Free-text object descriptions
╔══

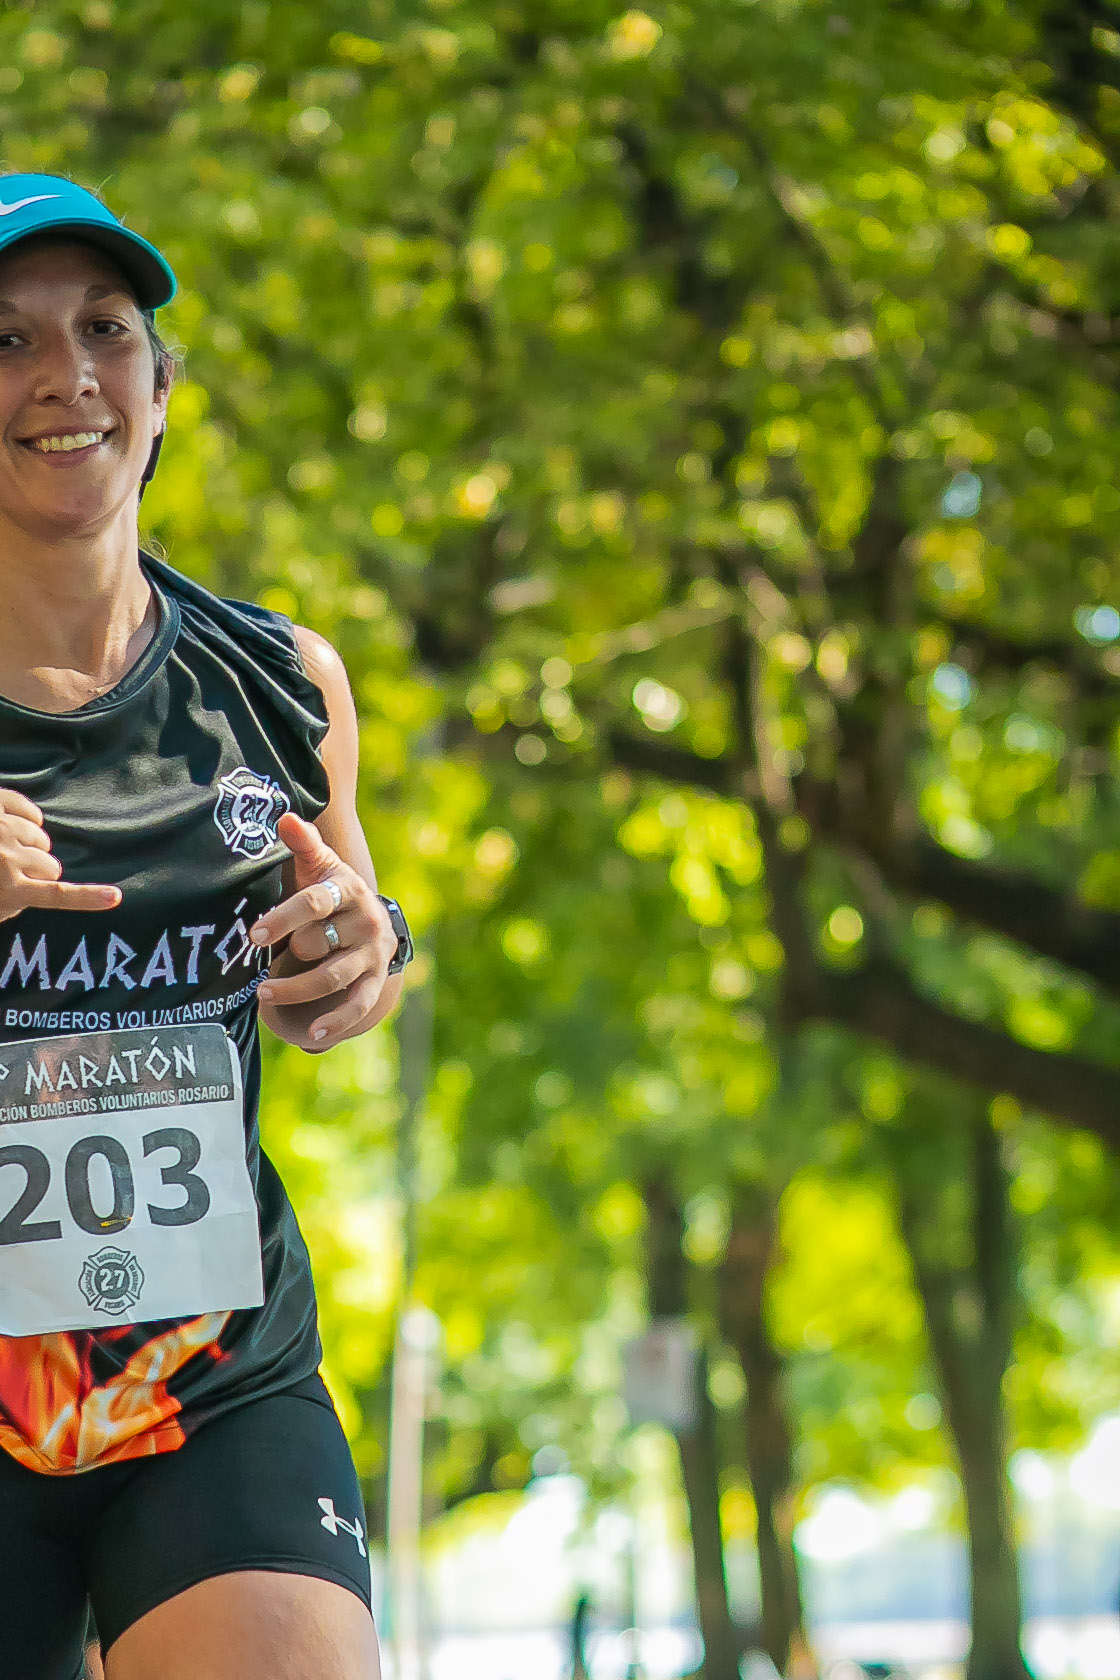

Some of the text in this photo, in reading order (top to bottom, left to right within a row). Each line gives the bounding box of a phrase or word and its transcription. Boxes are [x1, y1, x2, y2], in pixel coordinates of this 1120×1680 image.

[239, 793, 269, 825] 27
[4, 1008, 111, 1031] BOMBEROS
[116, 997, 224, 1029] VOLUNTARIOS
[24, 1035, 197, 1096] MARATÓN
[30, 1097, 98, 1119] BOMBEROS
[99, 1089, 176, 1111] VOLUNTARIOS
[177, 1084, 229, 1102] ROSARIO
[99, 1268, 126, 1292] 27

╚══

WORK INSTRUCTION. Leaving the pictures aside, output each entry above exactly as written.

SOLVED PROBLEM.
Some of the text in this photo, in reading order (top to bottom, left to right within a row). Each line gives the bounding box of a phrase or word and its transcription. Boxes are [x1, y1, x2, y2], in pixel coordinates of this 1120×1680 image.

[239, 793, 269, 825] 27
[4, 1008, 111, 1031] BOMBEROS
[116, 997, 224, 1029] VOLUNTARIOS
[24, 1035, 197, 1096] MARATÓN
[30, 1097, 98, 1119] BOMBEROS
[99, 1089, 176, 1111] VOLUNTARIOS
[177, 1084, 229, 1102] ROSARIO
[99, 1268, 126, 1292] 27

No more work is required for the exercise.